I answered my phone early this morning. A call I was expecting from my Doctor. "There’s no easy way to say this. The results from your MRI show what looks like a Sarcoma Cancer" my doctor told me. Whatever she said after that I don't remember. I wrote down the word Cancer as she said it. I couldn't believe what she was saying. I asked what next? Hoping she had better news.
 Three weeks before this day I noticed a big bump on the back of my thigh. It was sore after returning from a walk. It worried me, but I was afraid of making more of it than it was. A few days later I was bothered again and I mentioned it to my husband. He didn't like the way it felt and said I should go get it looked at. We were packing for a trip to the beach and I had a head cold.

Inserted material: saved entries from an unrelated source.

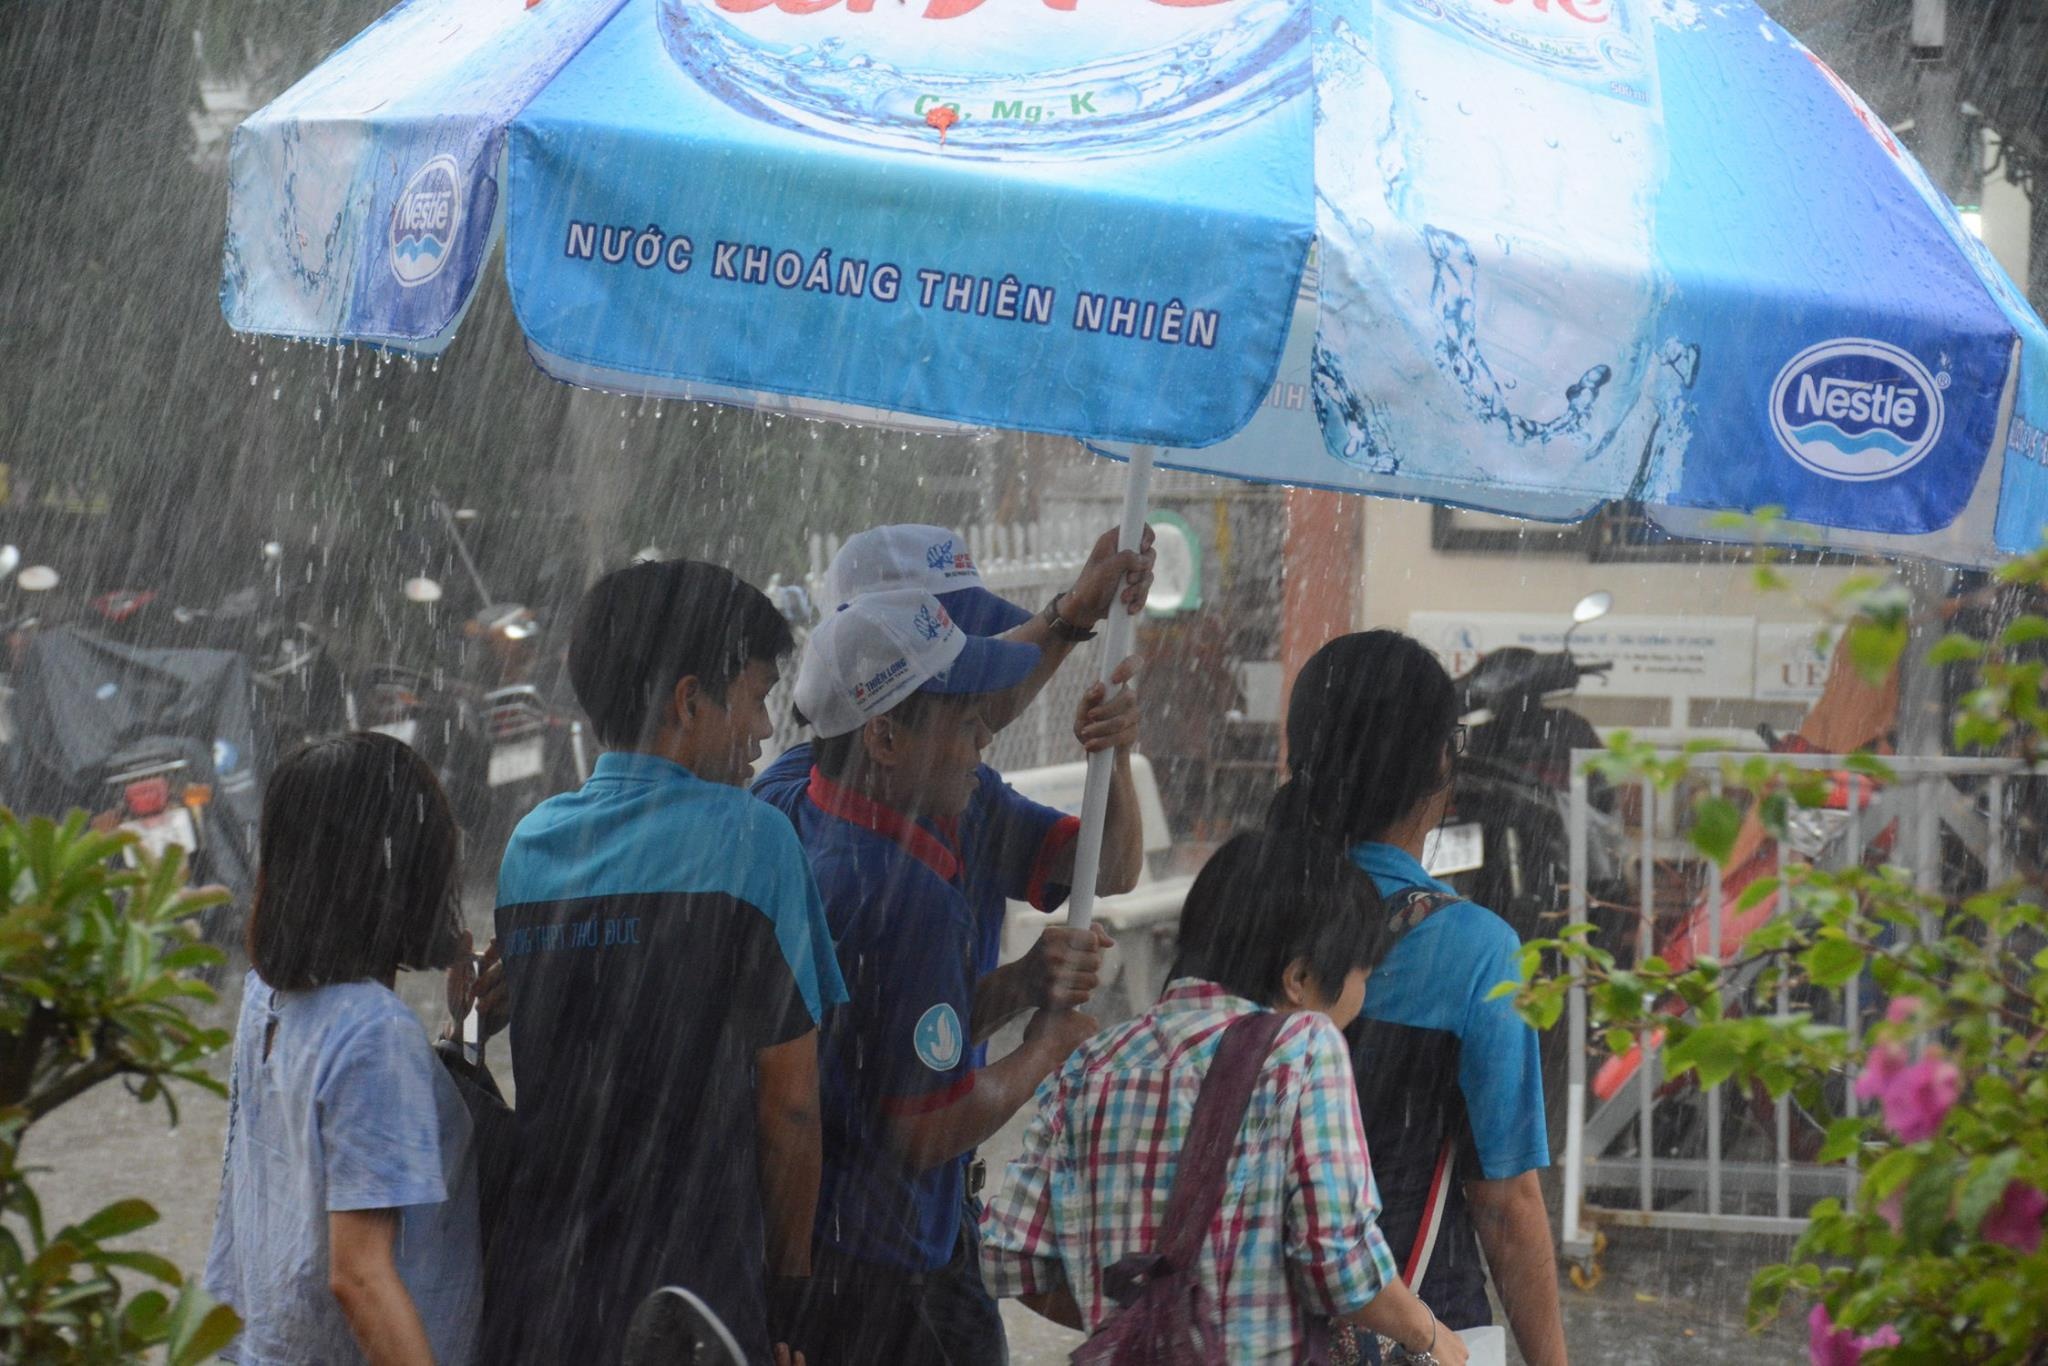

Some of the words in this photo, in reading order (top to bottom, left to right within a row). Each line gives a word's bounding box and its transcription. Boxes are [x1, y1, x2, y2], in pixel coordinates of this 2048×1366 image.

[1069, 91, 1098, 115] K
[565, 221, 693, 272] NƯỚC
[713, 242, 900, 301] KHOÁNG
[919, 270, 1053, 324] THIÊN
[1075, 292, 1219, 348] NHIÊN
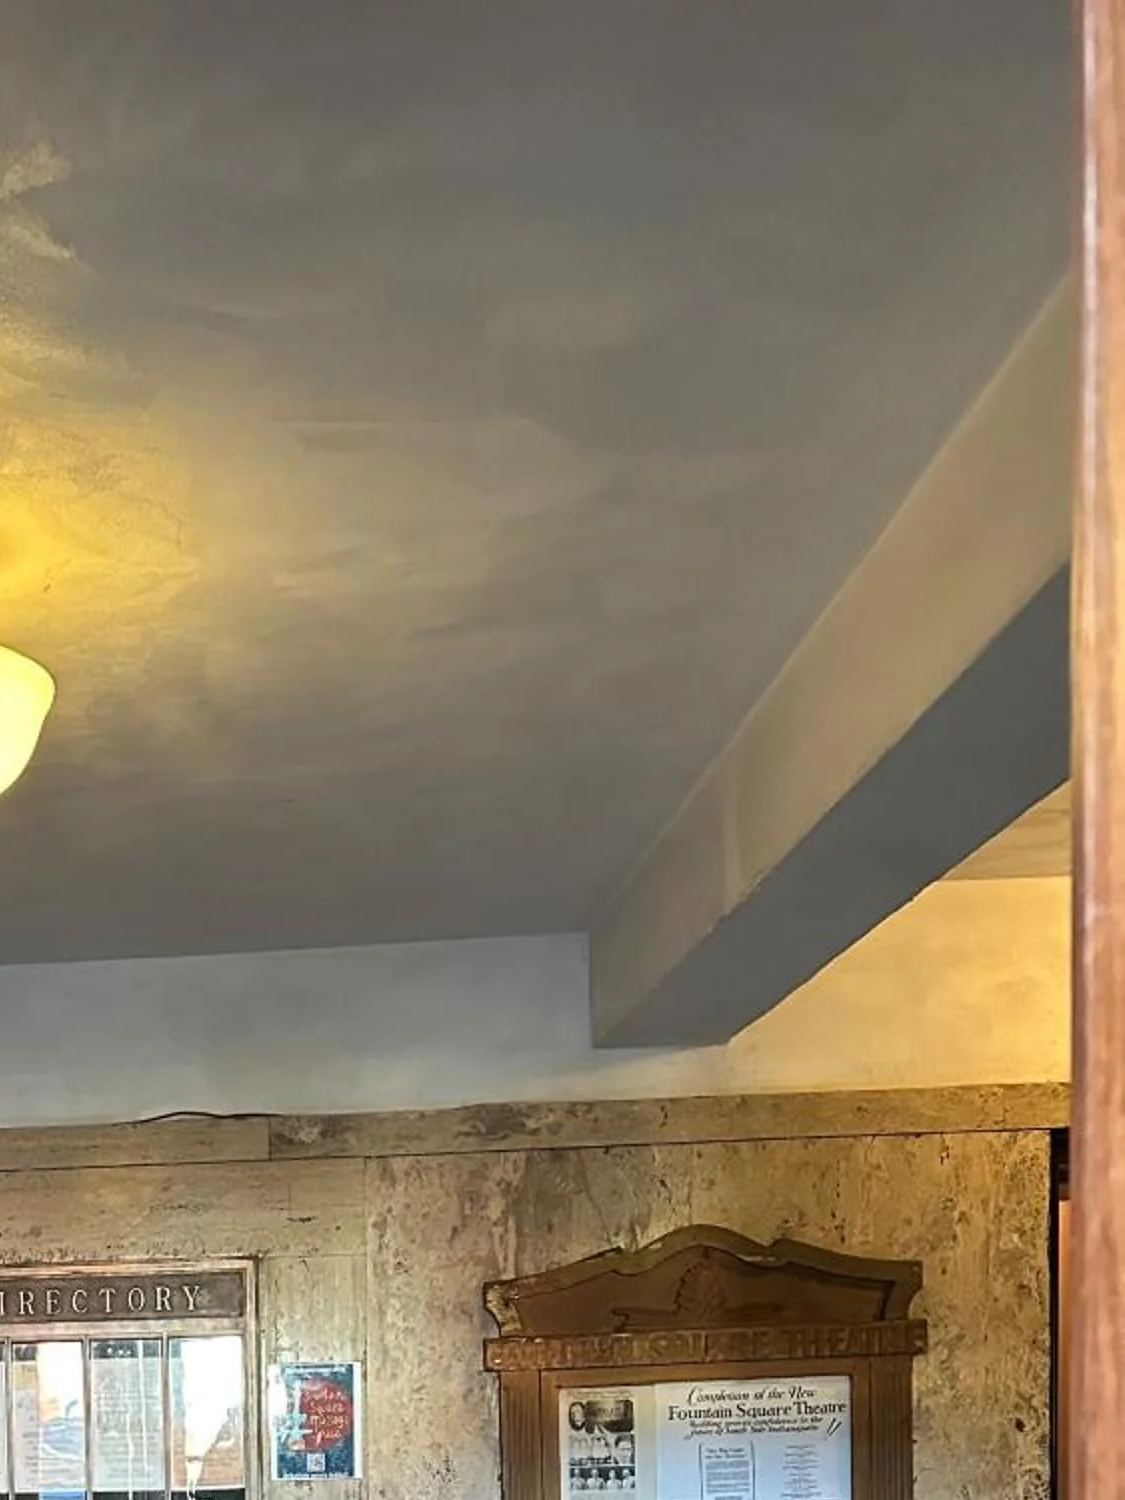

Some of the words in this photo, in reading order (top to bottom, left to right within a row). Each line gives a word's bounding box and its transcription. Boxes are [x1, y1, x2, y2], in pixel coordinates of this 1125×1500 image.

I wanted to go real bad and breath the sea air, so I decided to wait a few days.
We went to the beach and the sore bump in my leg consumed my thoughts. I could feel it when I walked it was sore after walking and I lost sleep thinking about it.
 As soon as I returned home I called my Dr. At the office visit after examining my leg she seemed light hearted about it. She suggested it was a Cyst or a Lipoma. She ordered a MRI and sent me on my way.
 5 days later she was calling to deliver me some altogether different news. I had Cancer. She was referring me to a specialist in Oakland and that this was "treatable" she added. I hung up the phone and broke down. Luckily my husband was home and I pointed to the words on the paper. We spent hours crying. I wanted to wake up. I kept saying Cancer over and over like I would be de-sensitized and it wouldn't cut through me like a blade. I felt like I was in a nightmare. Then I started thinking of all the things I want to do, the plans I have for my life. My kids, and their kids. (someday I hope). My dog, and my Husband. WE have been through so much these last two and a half years trying to fix this marriage I want to enjoy what we worked for. Then I started thinking about things that use to matter and things that really do matter. Things were re-aligning themselves so to speak. I couldn't figure out what I was supposed to do with myself. When I woke up I had plans like any other day drink my coffee, check emails, make breakfast, water the garden maybe sew or crochet. After the call from my Doctor I didn't know what to do. What do you when you just found out that you have Cancer?
 I got a text message in the middle of this from my brother. Our youngest brother had a stroke yesterday. I quickly called him to get the details regarding my sick brothers condition. I then told him about my recent news. Kind of, "since I have you on the phone". He in turn called my daughter and told her about both the patients and that she should be with me at this time. I wasn't going to tell my children until I got more info from the Doctors. I decided to stop crying and do something I bought a flat of strawberries after my MRI in the parking lot farmers market. So I decided to make jam. My daughter showed up with her husband and step-sister (and doggie) while I was jamming it up and soon my other daughter and her dog came by and my house was full. I made it through the day.
I'm still waiting for a phone call from the DR regarding the biopsy. I'm not sure how I going to sleep. I know this is going to be the hardest thing I have ever done. That’s not what scares me. I’m afraid that no matter how hard I fight and how many treatments and surgeries I don’t lick this.

 Tomorrow is the first day of the rest of my life!

Wednesday, February 06, 2013

Queen of all this?

I like to ramble on about my life and the people in it. Both 4 legged and 2!  I cook with out starting a fire and can tie knots, that some people call "Crochet" You will find links to the right.
 It is more exciting than it sounds!